* **What the exercise asks**
Pictures must not appear in your answer. Write out exactly the lines from the one with "this 2400×1350 image." through the last line of the entries below.

-------- Data to process

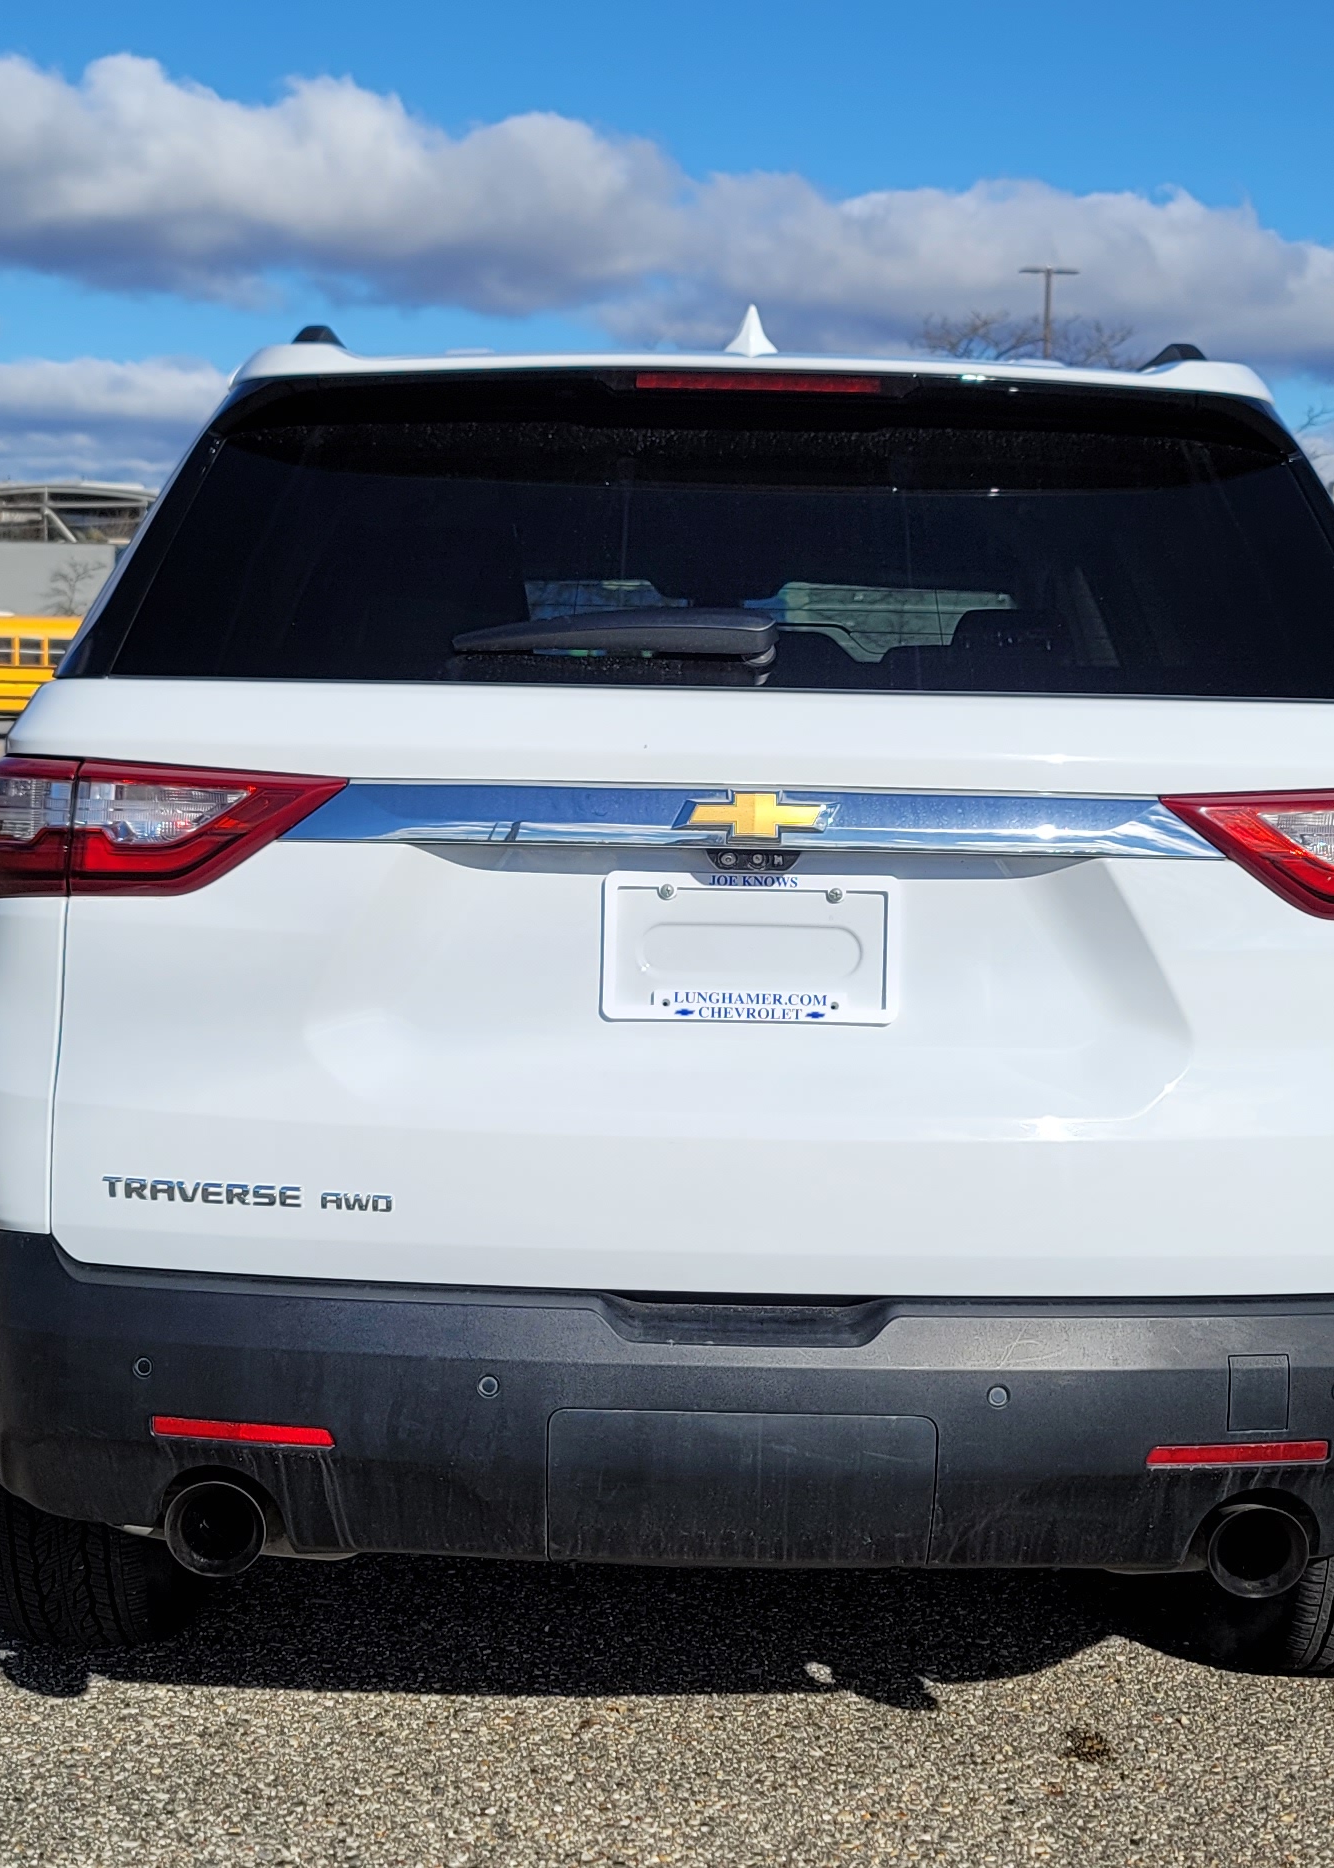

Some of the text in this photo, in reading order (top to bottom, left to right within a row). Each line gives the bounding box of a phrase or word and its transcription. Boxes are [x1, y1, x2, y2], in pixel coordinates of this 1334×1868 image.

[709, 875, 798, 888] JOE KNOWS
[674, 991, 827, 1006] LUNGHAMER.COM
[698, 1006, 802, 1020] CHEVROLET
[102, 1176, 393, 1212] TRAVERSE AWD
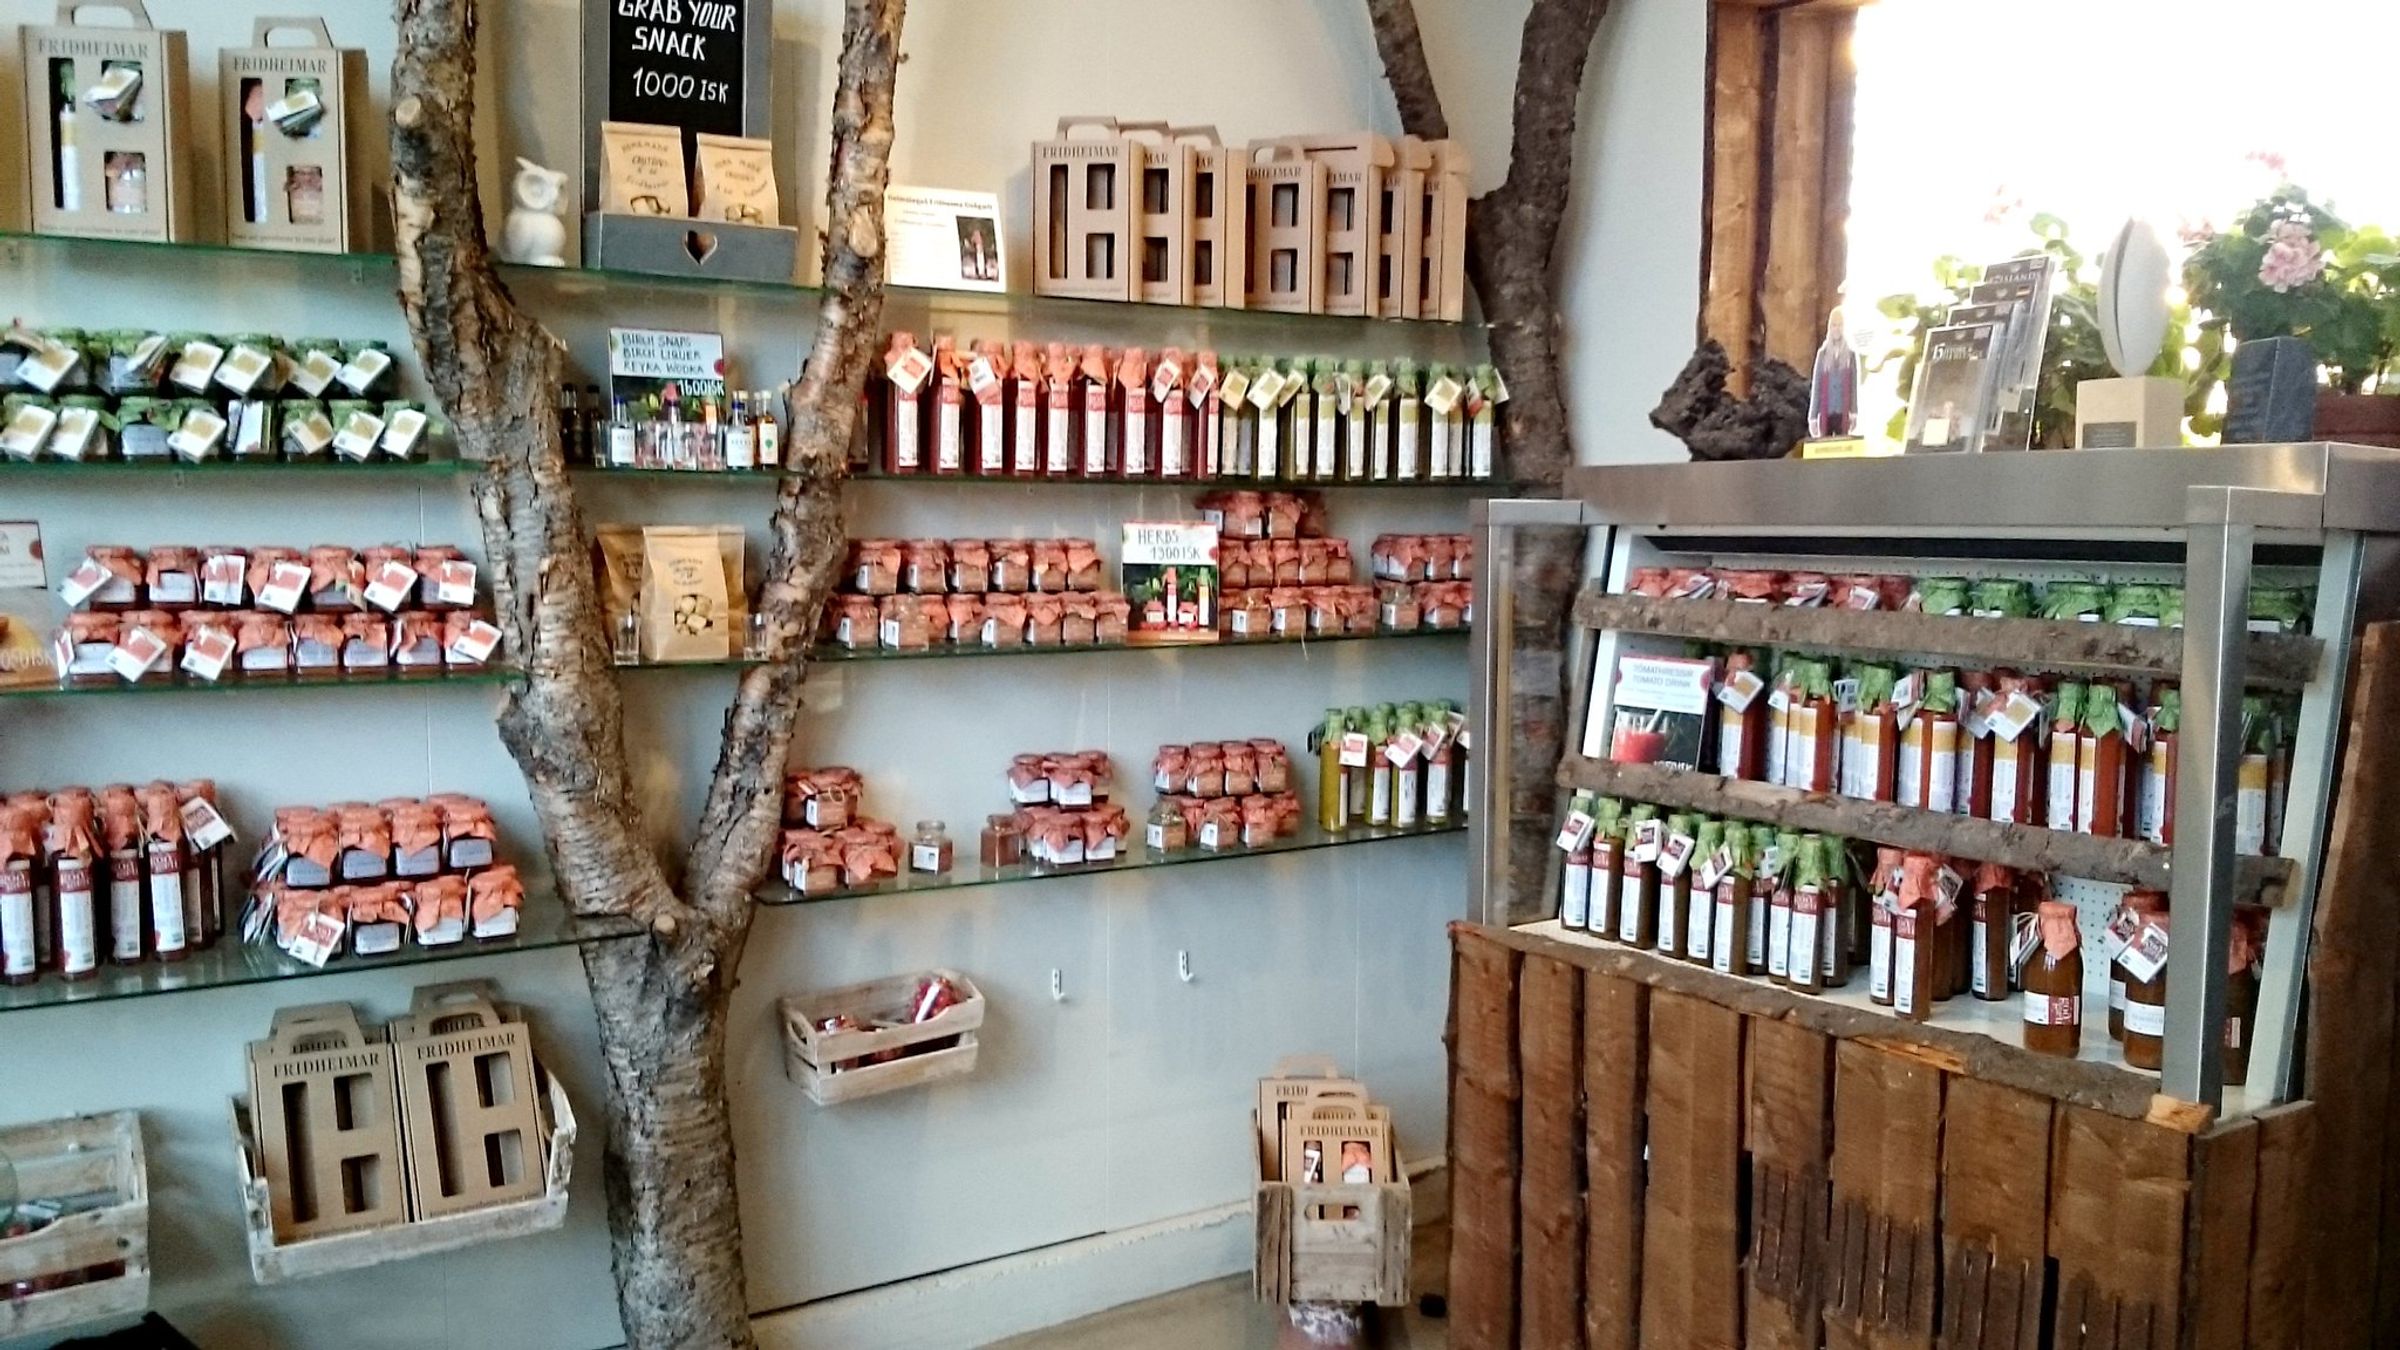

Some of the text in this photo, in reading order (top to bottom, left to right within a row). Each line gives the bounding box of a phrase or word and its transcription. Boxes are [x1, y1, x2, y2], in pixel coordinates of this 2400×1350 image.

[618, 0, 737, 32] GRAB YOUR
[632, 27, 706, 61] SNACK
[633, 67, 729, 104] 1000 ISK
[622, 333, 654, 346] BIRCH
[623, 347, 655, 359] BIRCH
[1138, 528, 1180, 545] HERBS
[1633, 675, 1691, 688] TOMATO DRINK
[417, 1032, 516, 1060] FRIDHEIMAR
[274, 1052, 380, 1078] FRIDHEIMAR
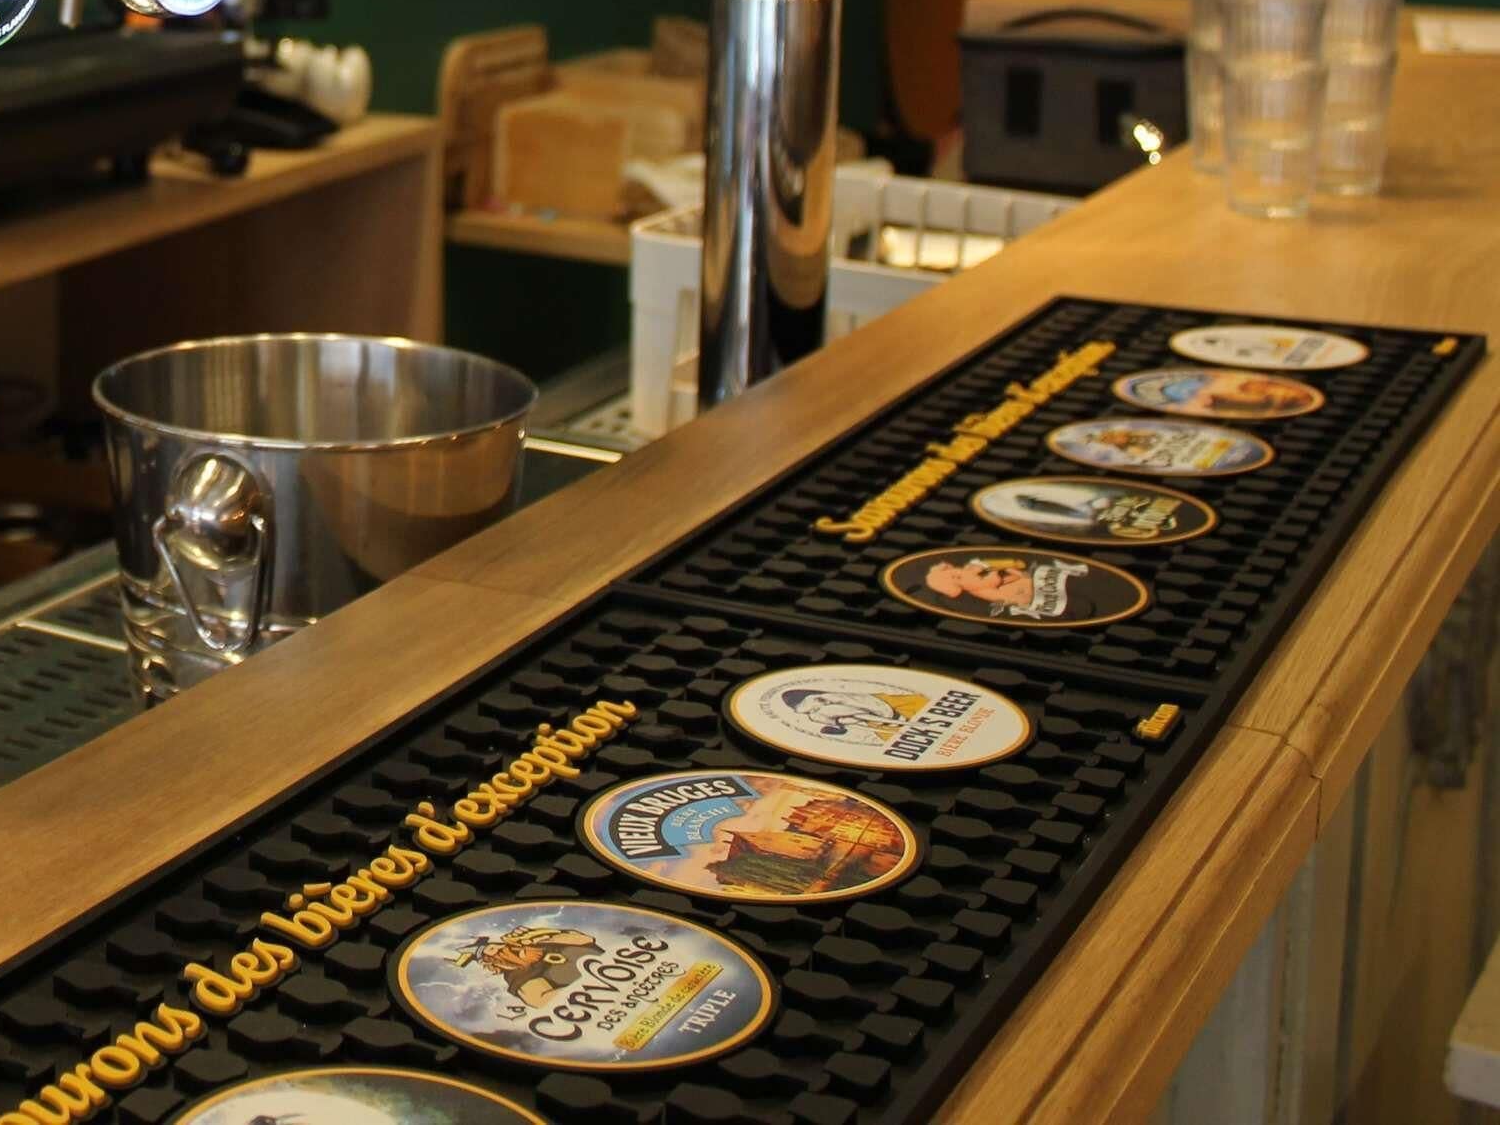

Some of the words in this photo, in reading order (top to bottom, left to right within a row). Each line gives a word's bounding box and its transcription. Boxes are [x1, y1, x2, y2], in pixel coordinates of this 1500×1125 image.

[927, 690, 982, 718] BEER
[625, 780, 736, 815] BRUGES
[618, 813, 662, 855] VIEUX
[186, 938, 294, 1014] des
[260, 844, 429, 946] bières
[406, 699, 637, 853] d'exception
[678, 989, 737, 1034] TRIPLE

----------------

* **Answer below**
Some of the text in this photo, in reading order (top to bottom, left to right within a row). Each line gives the bounding box of a phrase or word and its transcription. Boxes are [x1, y1, x2, y2], in pixel coordinates of this 2400×1350 image.

[618, 0, 737, 32] GRAB YOUR
[632, 27, 706, 61] SNACK
[633, 67, 729, 104] 1000 ISK
[622, 333, 654, 346] BIRCH
[623, 347, 655, 359] BIRCH
[1138, 528, 1180, 545] HERBS
[1633, 675, 1691, 688] TOMATO DRINK
[417, 1032, 516, 1060] FRIDHEIMAR
[274, 1052, 380, 1078] FRIDHEIMAR

Some of the words in this photo, in reading order (top to bottom, left to right within a row). Each line gives a word's bounding box and its transcription. Boxes are [x1, y1, x2, y2], in pixel coordinates of this 1500×1125 image.

[927, 690, 982, 718] BEER
[625, 780, 736, 815] BRUGES
[618, 813, 662, 855] VIEUX
[186, 938, 294, 1014] des
[260, 844, 429, 946] bières
[406, 699, 637, 853] d'exception
[678, 989, 737, 1034] TRIPLE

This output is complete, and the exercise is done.